Medical transition adds another layer of complexity. Thailand is a global hub for gender-affirming surgery, attracting thousands of international patients. Among Thai kathoey, however, full genital surgery is far from universal. Hormone use is common and often begins informally in adolescence, while many opt for breast augmentation or facial surgery without pursuing genital reconstruction at all. Cost, health concerns, medical gatekeeping and personal choice all play a role, and for many, womanhood is not defined by surgical status.

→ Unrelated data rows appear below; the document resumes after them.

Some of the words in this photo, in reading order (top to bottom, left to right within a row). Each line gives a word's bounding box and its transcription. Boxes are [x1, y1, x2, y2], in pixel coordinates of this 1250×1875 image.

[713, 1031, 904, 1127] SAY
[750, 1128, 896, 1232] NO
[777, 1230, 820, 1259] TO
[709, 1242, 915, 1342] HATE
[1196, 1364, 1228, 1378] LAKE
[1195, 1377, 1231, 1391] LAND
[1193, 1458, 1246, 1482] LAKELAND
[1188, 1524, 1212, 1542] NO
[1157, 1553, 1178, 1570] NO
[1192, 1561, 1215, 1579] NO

Today, younger generations increasingly use global LGBTQ+ language, sometimes distancing themselves from kathoey as an outdated or stigmatized term, while activists push for legal gender recognition and meaningful enforcement of anti-discrimination laws. The paradox remains: Thailand’s kathoey are among the most visible gender-diverse people in Asia, yet visibility has not freed them from rigid expectations, economic marginalisation or institutional exclusion. To understand kathoey is to see beyond spectacle—to recognise a community navigating respect, survival and self-definition in a society that smiles, watches, but too often refuses to fully include.

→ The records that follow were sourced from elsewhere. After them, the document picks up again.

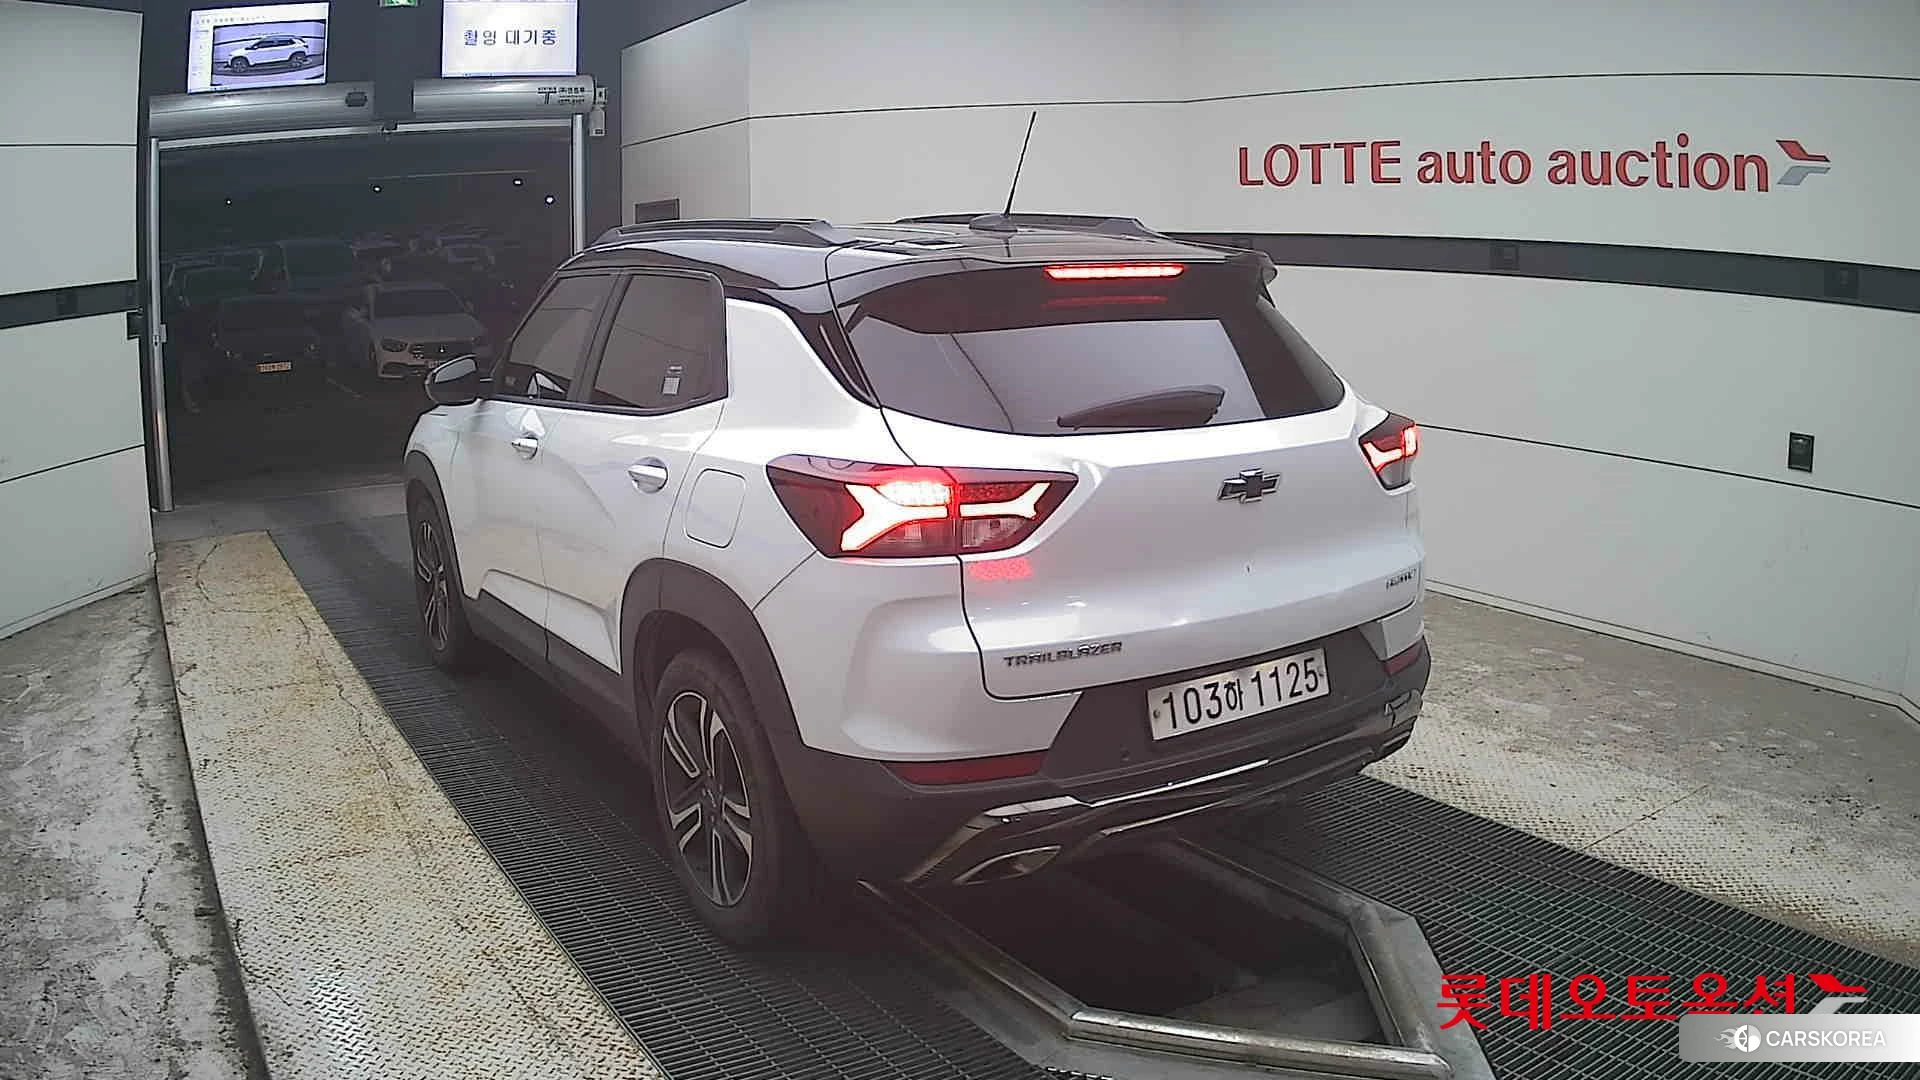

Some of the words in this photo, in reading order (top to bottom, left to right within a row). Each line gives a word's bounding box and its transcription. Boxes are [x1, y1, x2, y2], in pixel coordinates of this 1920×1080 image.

[505, 29, 557, 46] 대기중
[1239, 140, 1401, 187] LOTTE
[1417, 141, 1531, 184] auto
[1548, 133, 1768, 192] auction
[1003, 641, 1122, 667] TRAILBLAZER
[1162, 678, 1243, 729] 103하
[1251, 657, 1319, 706] 1125

I absolutely love my kathoey sisters and brothers. Truly. Some of my closest friends in Thailand sit somewhere along that deliciously messy spectrum people insist on calling “sex fluid,” as if human identity were a liquid you could neatly pour into labelled bottles. Call them kathoey, trans women, queer femmes, soft boys with eyeliner, girls with broad shoulders and sharper tongues than most men in parliament—I don’t care. What I know is this: they are observant, resilient, funny as hell, and usually far more aware of the dangers in the room than the straights are.

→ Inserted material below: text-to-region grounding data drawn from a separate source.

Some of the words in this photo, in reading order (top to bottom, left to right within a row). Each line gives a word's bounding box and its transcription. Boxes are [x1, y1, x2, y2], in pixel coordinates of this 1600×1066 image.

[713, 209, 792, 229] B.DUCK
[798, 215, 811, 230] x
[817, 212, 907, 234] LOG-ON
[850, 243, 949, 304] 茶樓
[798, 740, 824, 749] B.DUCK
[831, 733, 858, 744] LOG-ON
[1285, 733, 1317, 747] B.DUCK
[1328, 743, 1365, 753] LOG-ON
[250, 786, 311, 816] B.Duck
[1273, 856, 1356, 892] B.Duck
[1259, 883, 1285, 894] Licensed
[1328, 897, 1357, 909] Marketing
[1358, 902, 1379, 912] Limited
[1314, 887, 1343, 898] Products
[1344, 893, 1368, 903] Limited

Let me be honest, in the way only Auntie can. I find sex-fluid people more interesting. They read between lines. They scan exits. They know who is safe and who is pretending. Years of being stared at, laughed at, desired and dismissed all at once sharpen your instincts. When I walk late at night in Bangkok, Pattaya, or Khon Kaen with my kathoey friends, we watch our backs for each other. Not performatively. Not with hashtags. Quietly. Practically. Survival is a shared language.
Thailand likes to congratulate itself for being “tolerant”, but tolerance is a low bar. Tolerance is smiling while denying paperwork, jobs, promotions, dignity. Tolerance is enjoying cabaret shows while pretending not to see discrimination in schools, hospitals or HR offices. My kathoey friends know this better than any glossy tourism brochure ever will. They are welcomed as spectacle, not always as citizens.
And yes—let’s say it clearly—many end up in entertainment or sex work. Not because of destiny or some exotic urge to seduce foreigners, but because doors close early and often. When your resume triggers laughter, when your ID outs you at every interview, glamour and survival start sharing the same address. Some thrive there, some don’t, and none of them should be reduced to a punchline or a porn tag.
What I admire most is not the makeup skills, the bodies, or the sass—though let’s admit, those can be impressive. It’s the mutual care. Kathoey communities are experts at chosen family. They lend money. They nurse each other through surgery. They warn each other about violent clients, abusive lovers, dodgy cops, fake allies. This is not identity politics; this is lived ethics.
So when people ask me why I “hang out with ladyboys”, I smile sweetly and think: because they notice things you don’t. Because they know the cost of visibility. Because they make the world larger, not smaller. And because when things go wrong—which they often do—it’s good to walk with people who already know how to survive being seen.